Negociado sobre legislado

Supremo decide que convenções e acordos coletivos de trabalho podem prevalecer sobre a lei, independentemente da existência de cláusulas compensatórias

Negociado sobre legislado

Em deliberação importante no sentido de validar norma da chamada Reforma Trabalhista, o Plenário do Supremo Tribunal Federal, por maioria,  apreciando o tema 1046 da repercussão geral, fixou a tese de que "São constitucionais os acordos e as convenções coletivos que, ao considerarem a adequação setorial negociada, pactuam limitações ou afastamentos de direitos trabalhistas, independentemente da explicitação especificada de vantagens compensatórias, desde que respeitados os direitos absolutamente indisponíveis".

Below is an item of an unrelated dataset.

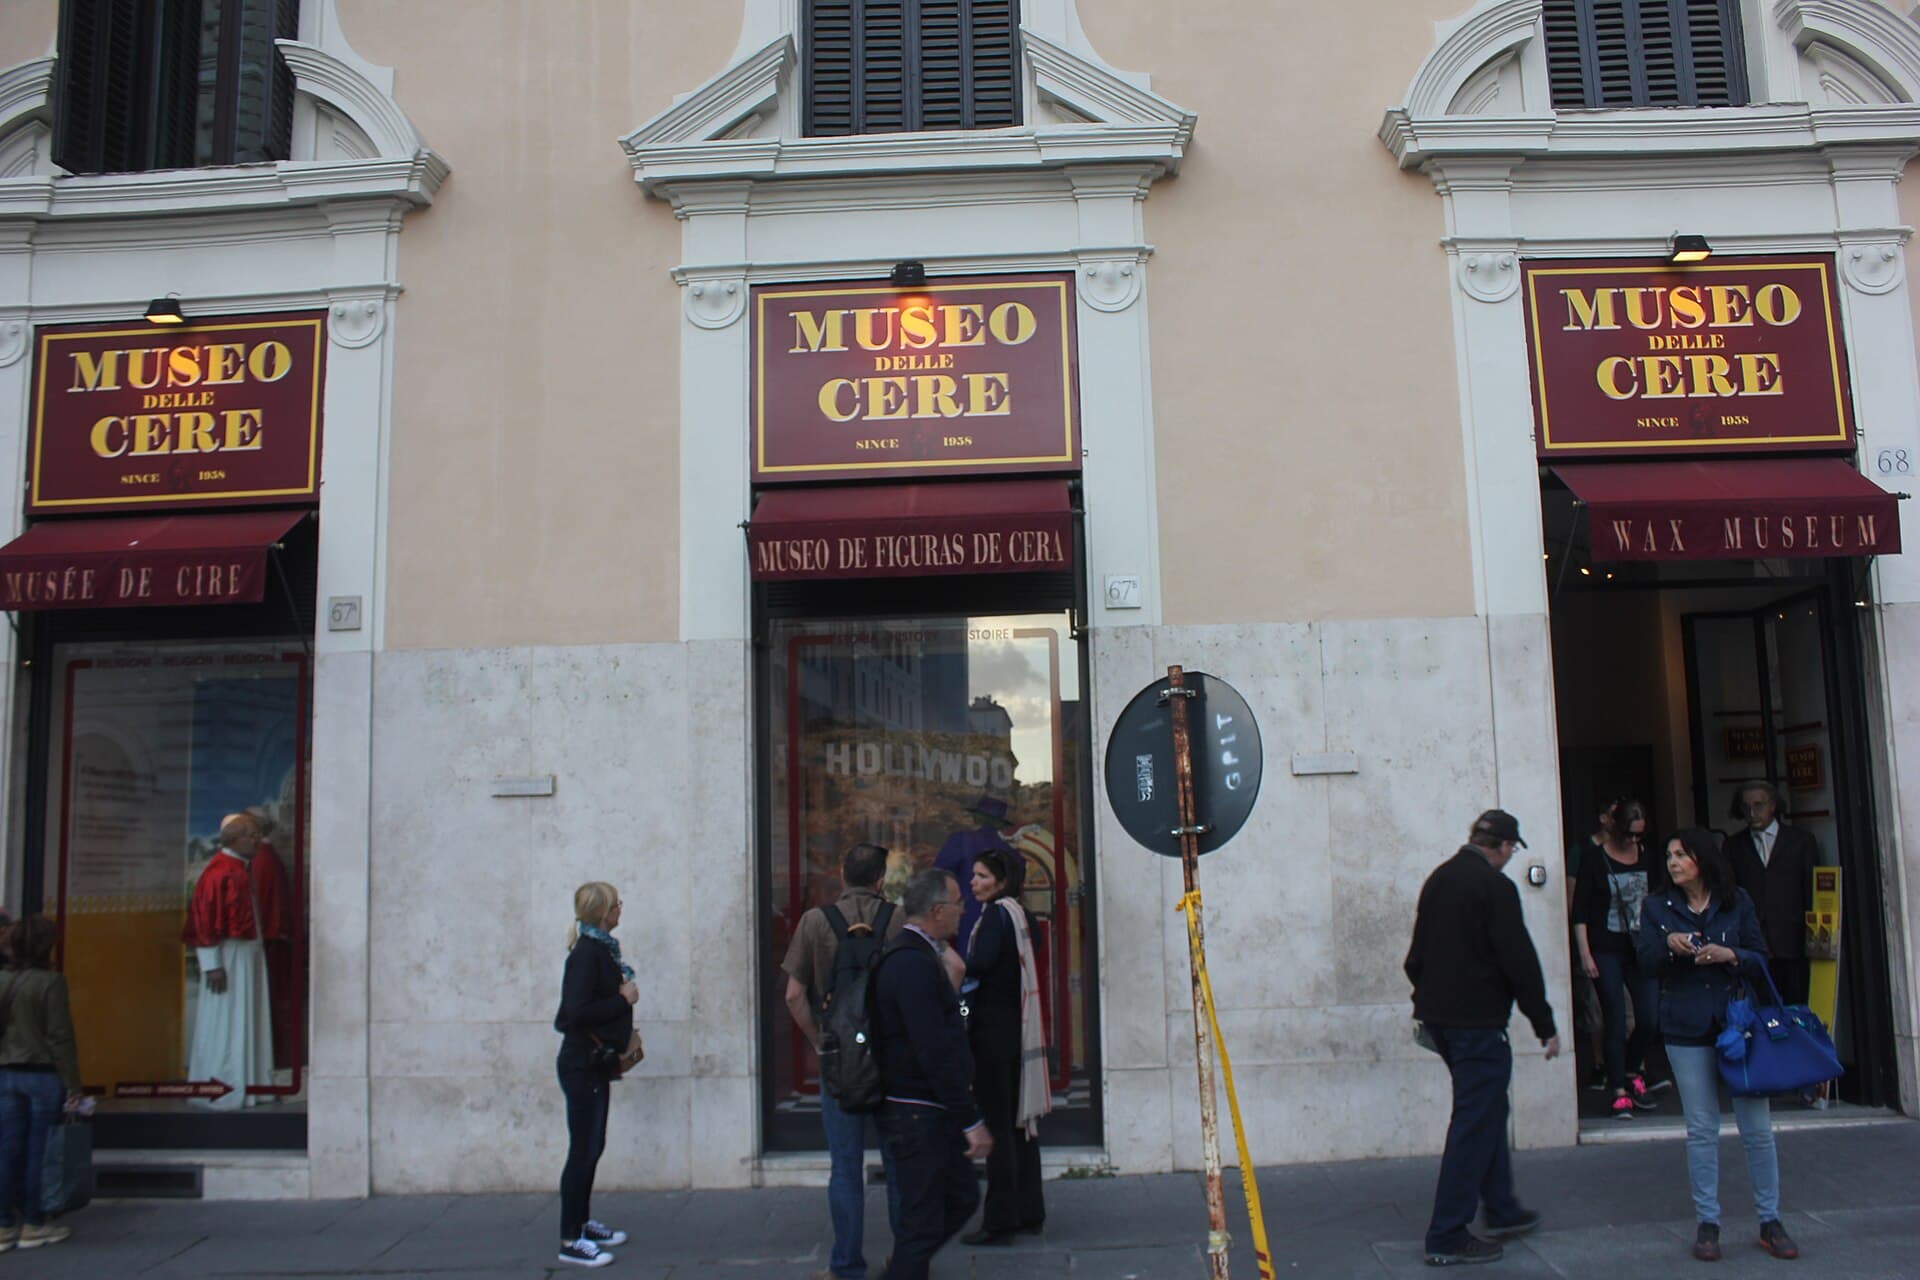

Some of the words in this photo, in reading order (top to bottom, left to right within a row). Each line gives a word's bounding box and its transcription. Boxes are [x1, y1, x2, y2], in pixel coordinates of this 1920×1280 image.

A discussão sobre a prevalência do negociado sobre o legislado teve lugar no julgamento de Recurso Extraordinário com Agravo (ARE 1.121.633) que tratava, especificamente, da validade de norma coletiva que suprimia, em troca de outros benefícios, o direito ao recebimento, como horas extras, do tempo gasto pelo trabalhador em seu deslocamento de casa para o trabalho no veículo fornecido pela empregadora (as chamadas horas “in itinere”).

O relator, Ministro Gilmar Mendes, registrou em seu voto que a jurisprudência do STF tem reconhecido a conformidade constitucional de normas coletivas que afastam ou limitam direitos trabalhistas.

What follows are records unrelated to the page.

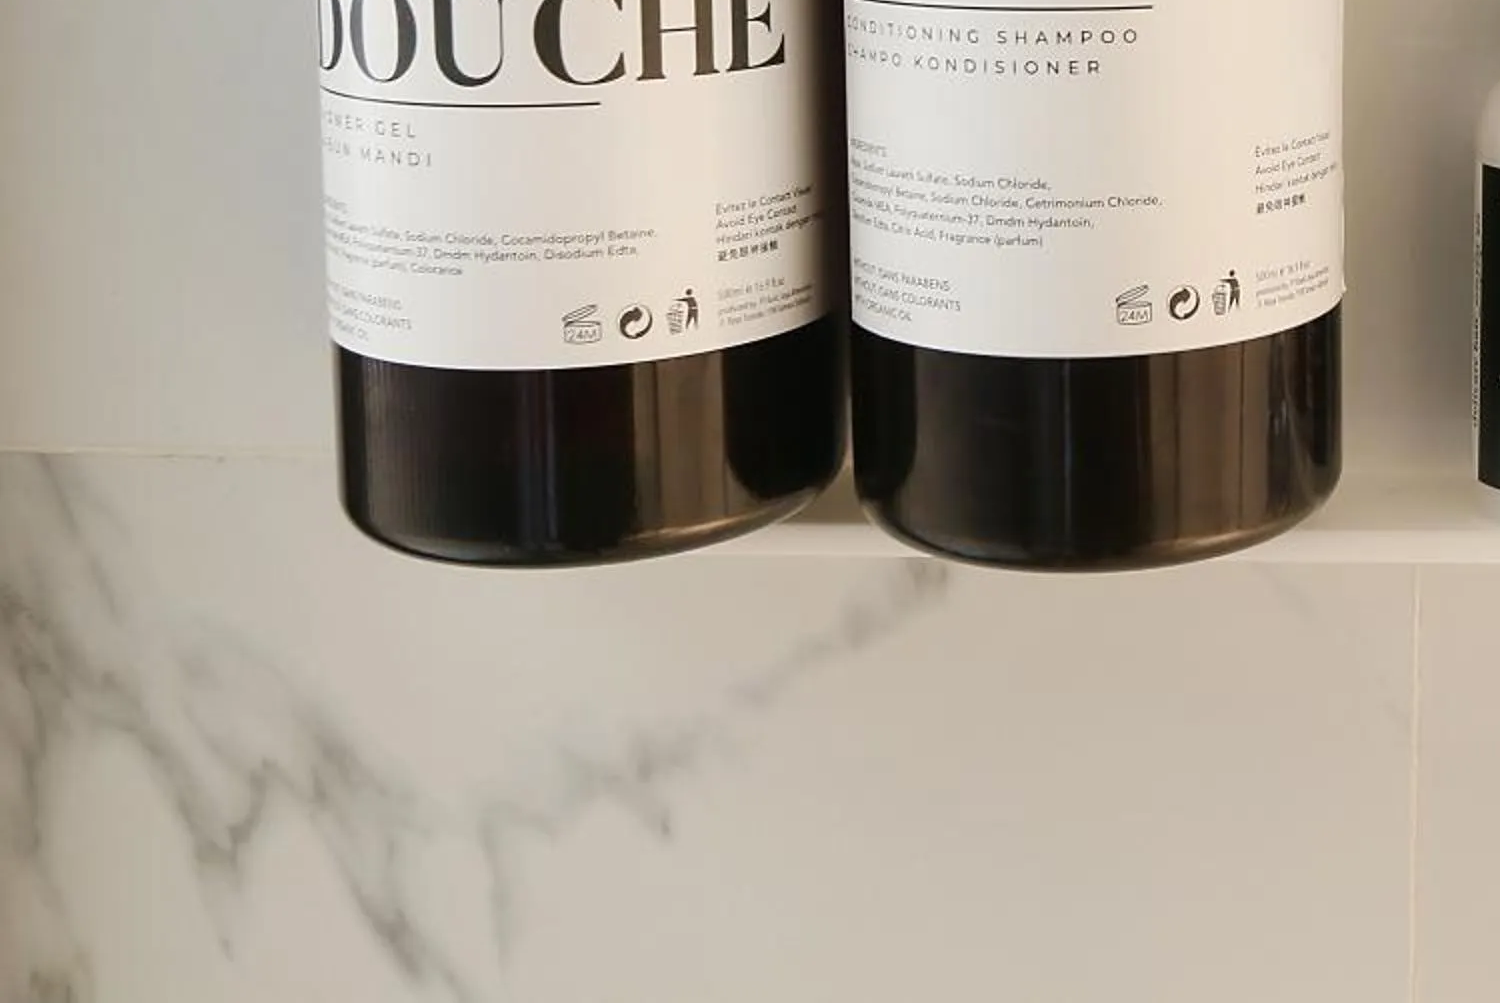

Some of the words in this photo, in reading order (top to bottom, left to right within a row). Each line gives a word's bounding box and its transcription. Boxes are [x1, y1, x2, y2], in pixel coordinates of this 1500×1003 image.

[996, 29, 1138, 45] SHAMPOO
[914, 56, 1101, 75] KONDISIONER
[375, 119, 417, 139] GEL
[361, 147, 432, 168] MANDI
[954, 175, 995, 188] Sodium
[997, 177, 1051, 191] Chloride,
[971, 194, 1022, 209] Chloride,
[1025, 196, 1105, 209] Cetrimonium
[1107, 196, 1164, 208] Chloride,
[716, 218, 745, 229] Avoid
[748, 213, 764, 225] Eye
[1028, 216, 1095, 230] Hydantoin,
[939, 229, 991, 245] Fragrance
[994, 234, 1044, 249] (parfum)
[1121, 310, 1149, 322] 24M

A decisão deixou claro que acordos e convenções coletivas de trabalho podem se sobrepor à legislação existente, desde que o negociado não suprima direitos trabalhistas previstos na Constituição como, por exemplo, direito a salários, seguro-desemprego, licença-maternidade e adicionais de penosidade, periculosidade e insalubridade.

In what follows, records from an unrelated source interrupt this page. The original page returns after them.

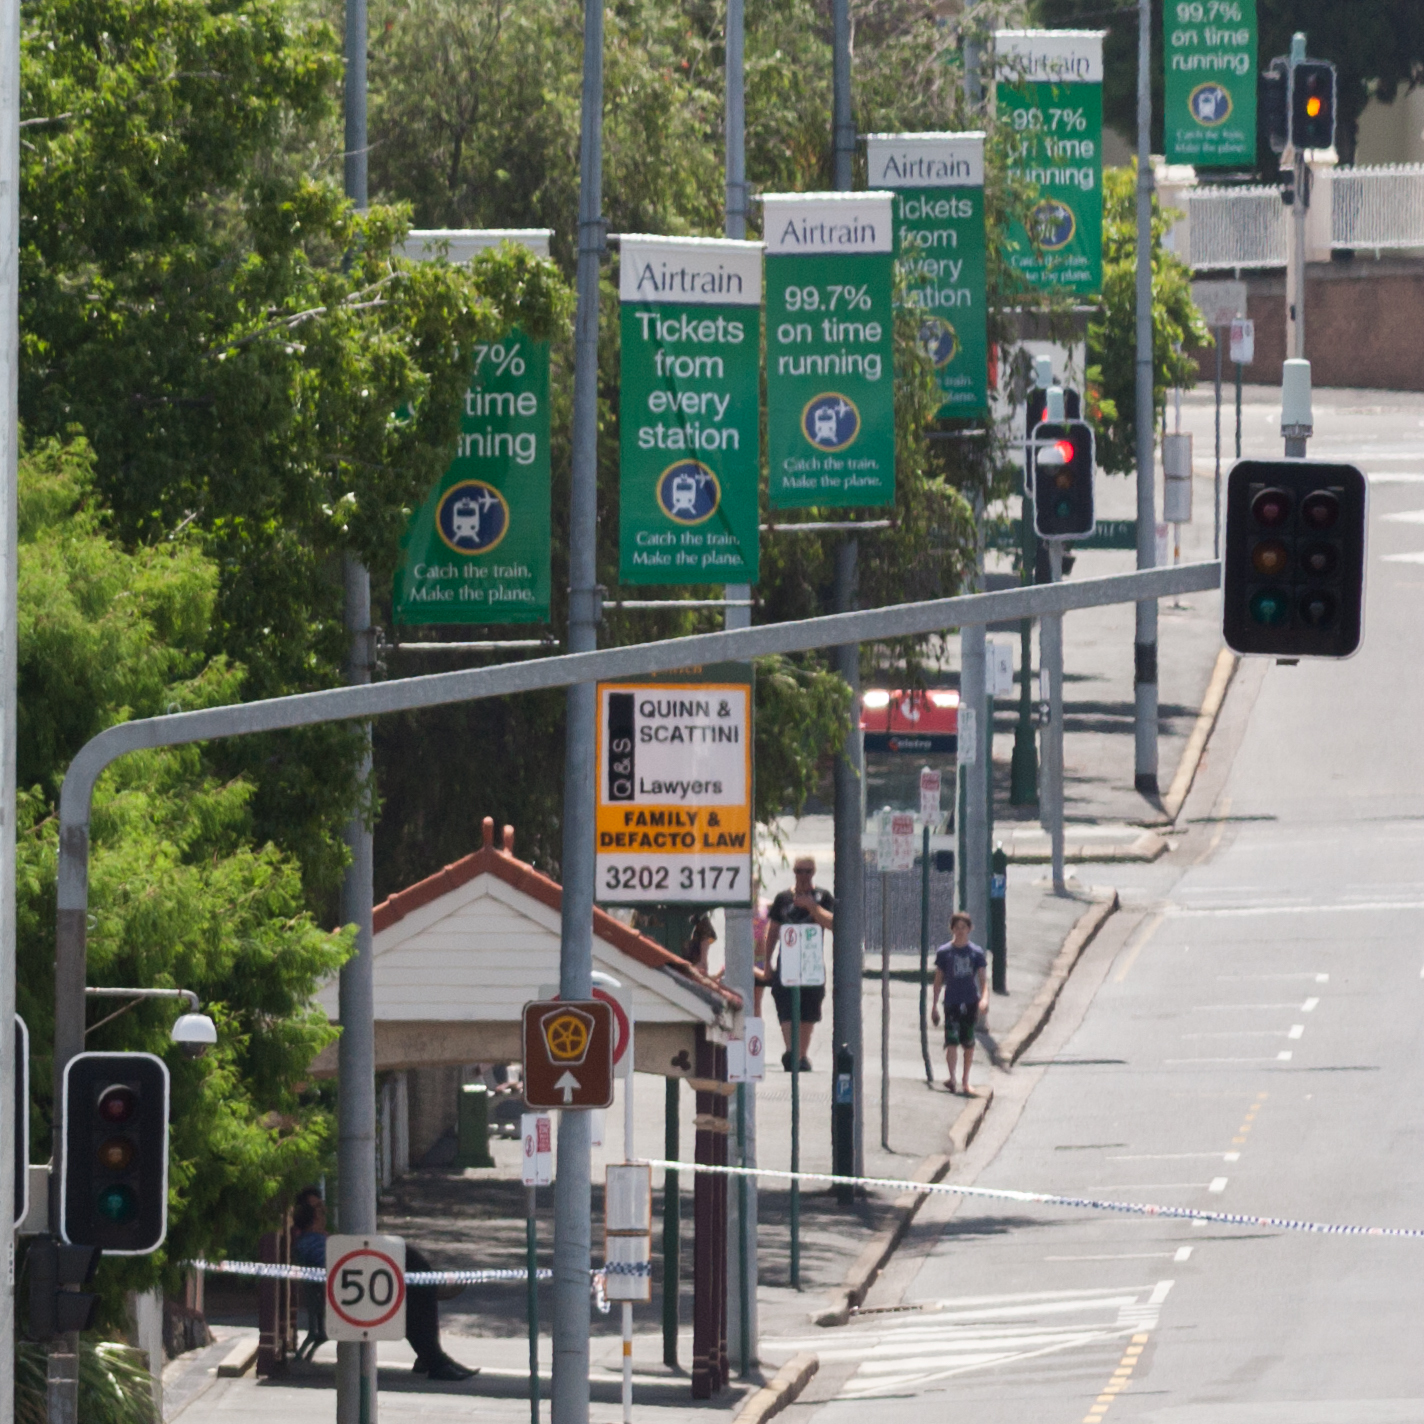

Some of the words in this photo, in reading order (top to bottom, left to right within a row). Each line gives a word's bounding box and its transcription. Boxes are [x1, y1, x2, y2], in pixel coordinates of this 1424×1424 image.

[1177, 1, 1242, 23] 99.7%
[1171, 28, 1198, 47] on
[1204, 25, 1249, 47] time
[1172, 51, 1250, 75] running
[883, 153, 971, 180] Airtrain
[899, 195, 973, 220] ickets
[779, 216, 876, 245] Airtrain
[636, 262, 743, 294] Airtrain
[784, 284, 872, 312] 99.7%
[635, 311, 745, 344] Tickets
[777, 322, 812, 344] on
[822, 317, 882, 343] time
[654, 351, 724, 379] from
[778, 349, 882, 381] running
[465, 386, 538, 417] time
[648, 390, 730, 422] every
[638, 424, 740, 450] station
[783, 456, 820, 472] Catch
[824, 456, 845, 471] the
[782, 475, 818, 489] Make
[821, 475, 841, 489] the
[843, 475, 882, 491] plane.
[636, 530, 677, 546] Catch
[680, 530, 703, 545] the
[706, 531, 740, 546] train.
[414, 562, 459, 580] Catch
[463, 561, 488, 579] the
[492, 563, 533, 579] train.
[633, 550, 672, 566] Make
[676, 550, 699, 565] the
[702, 551, 744, 568] plane.
[410, 585, 455, 602] Make
[459, 585, 485, 602] the
[488, 585, 536, 606] plane.
[639, 700, 711, 719] QUINN
[717, 700, 731, 718] &
[639, 725, 740, 743] SCATTINI
[640, 777, 723, 799] Lawyers
[624, 811, 698, 827] FAMILY
[707, 811, 721, 827] &
[600, 832, 695, 848] DEFACTO
[703, 832, 746, 848] LAW
[605, 865, 670, 890] 3202
[680, 866, 741, 890] 3177
[340, 1268, 394, 1307] 50

Para aquilatar o exato sentido do entendimento, considere-se, por exemplo, quanto aos adicionais de remuneração “para as atividades penosas, insalubres ou perigosas”, que o direito garantido pela Constituição Federal é, tão-somente, aquele ao recebimento do “adicional de remuneração” (inciso XXIII, do artigo 7º da Constituição Federal), inexistindo referência na Constituição a qualquer valor específico ou forma de cálculo desse adicional remuneratório. Assim, como o percentual dos adicionais é previsto em lei, pode ele ser pactuado por negociação coletiva. Na prática, aliás, desde a entrada em vigor da Reforma Trabalhista, com amparo na previsão contida no artigo 611-A da Consolidação das Leis do Trabalho, muitas normas coletivas dispunham sobre “enquadramento do grau de insalubridade”.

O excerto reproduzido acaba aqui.